Masks, social distancing, and handwashing remain equally effective in preventing the spread of all of the new variants, just as they are for the original strain, because the way the virus is spread has not changed. 

One important question is, “How effective will the COVID vaccines be against the Delta variant?” The Pfizer and Moderna vaccines appear to be around 88% effective in preventing a person infected with Delta from becoming significantly symptomatic. This is compared to 95% effectiveness against the original strain. So, some loss of effect, but still quite good. The Oxford-AstraZeneca vaccine is about 60% effective in preventing serious symptoms from Delta. The Johnson & Johnson vaccine is somewhere in between. For perspective, the effectiveness of the flu shot we get each year ranges from 30% to 70% in effectiveness depending on the year.

If Delta mutates further, then there may be a need to modify the vaccines accordingly. In that scenario, people who are already vaccinated may need to receive a booster shot of the modified vaccine. There is already a shift in Delta being seen in India, which is being called Delta Plus. Delta Plus has an additional mutation at the site where antibodies attach and thus could make the vaccines less effective requiring modification as mentioned.

Another important question is, “Does Delta cause a more serious illness than the original strain?” It is difficult to tell at this point because the death rate in India from Delta may have been worse simply due to the lack of adequate hospital beds and oxygen as their healthcare system became overwhelmed. The Delta cases in the United Kingdom might be more comparable to what we can expect here in the US. In one study published of cases in Scotland, the rate of people requiring hospitalization was about double with Delta than the original strain which carries a hospitalization rate of about 12% (meaning about 12% of people who get infected with the original strain of COVID in the US so far have required hospitalization). 

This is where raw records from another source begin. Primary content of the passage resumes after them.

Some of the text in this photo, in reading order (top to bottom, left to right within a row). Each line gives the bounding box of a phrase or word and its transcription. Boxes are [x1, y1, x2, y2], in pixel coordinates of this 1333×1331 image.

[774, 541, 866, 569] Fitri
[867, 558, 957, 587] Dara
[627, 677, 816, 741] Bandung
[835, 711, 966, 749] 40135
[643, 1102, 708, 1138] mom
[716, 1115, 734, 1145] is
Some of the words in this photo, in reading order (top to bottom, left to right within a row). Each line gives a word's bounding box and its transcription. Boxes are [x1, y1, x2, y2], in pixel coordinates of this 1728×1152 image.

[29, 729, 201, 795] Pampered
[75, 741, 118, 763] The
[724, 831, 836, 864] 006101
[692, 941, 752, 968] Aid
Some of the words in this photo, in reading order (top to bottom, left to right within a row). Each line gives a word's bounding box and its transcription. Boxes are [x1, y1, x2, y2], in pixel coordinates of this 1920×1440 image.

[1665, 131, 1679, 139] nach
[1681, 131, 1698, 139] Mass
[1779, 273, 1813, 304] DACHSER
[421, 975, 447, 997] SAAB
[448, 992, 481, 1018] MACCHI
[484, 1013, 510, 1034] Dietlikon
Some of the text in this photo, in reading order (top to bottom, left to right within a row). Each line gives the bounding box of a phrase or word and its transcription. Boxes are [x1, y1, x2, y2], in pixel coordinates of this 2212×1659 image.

The California Department of Public Health (CDPH) has undertaken an ambitious strategy to monitor the spread of these different variants. They are attempting to determine the variant type of every new positive case in the state. CDPH announced on July 1 that Delta now comprises 35% of all new cases in California. During the surge of cases in Southern California during last winter, the dominant variant was Epsilon which made up 60% of all cases in the state. Epsilon has now dropped to only 2% of new cases. Epsilon, by comparison, is only 35% more contagious than the original strain versus 75% with Delta as previously mentioned.

Another question that needs to be answered is, “Should we return to mask mandates for vaccinated persons?” Clearly, unvaccinated persons should be particularly careful to wear masks, now more than ever. With the current effectiveness of the vaccines preserved against Delta, perhaps not. However, if the effectiveness of the vaccines begins to drop say with Delta Plus or some other new variant, then perhaps. There is nothing to stop a vaccinated person from choosing to still wear a mask in public. I have been tending to wear my mask in public, probably because old habits die hard.

Delta, therefore, carries serious implications, especially for persons who are unvaccinated. The best strategy would be to get vaccinated as soon as possible if you aren’t already. Hopefully, we won’t see a surge in cases that require shutting down sectors of the economy again. Keep in mind, vaccination not only reduces the risk of serious illness, but dramatically reduces the chance that a vaccinated person who becomes infected will be contagious. Vaccination is clearly an effective strategy, along with mask wearing, social distancing and handwashing, in preventing a return to the restrictions we just got away from.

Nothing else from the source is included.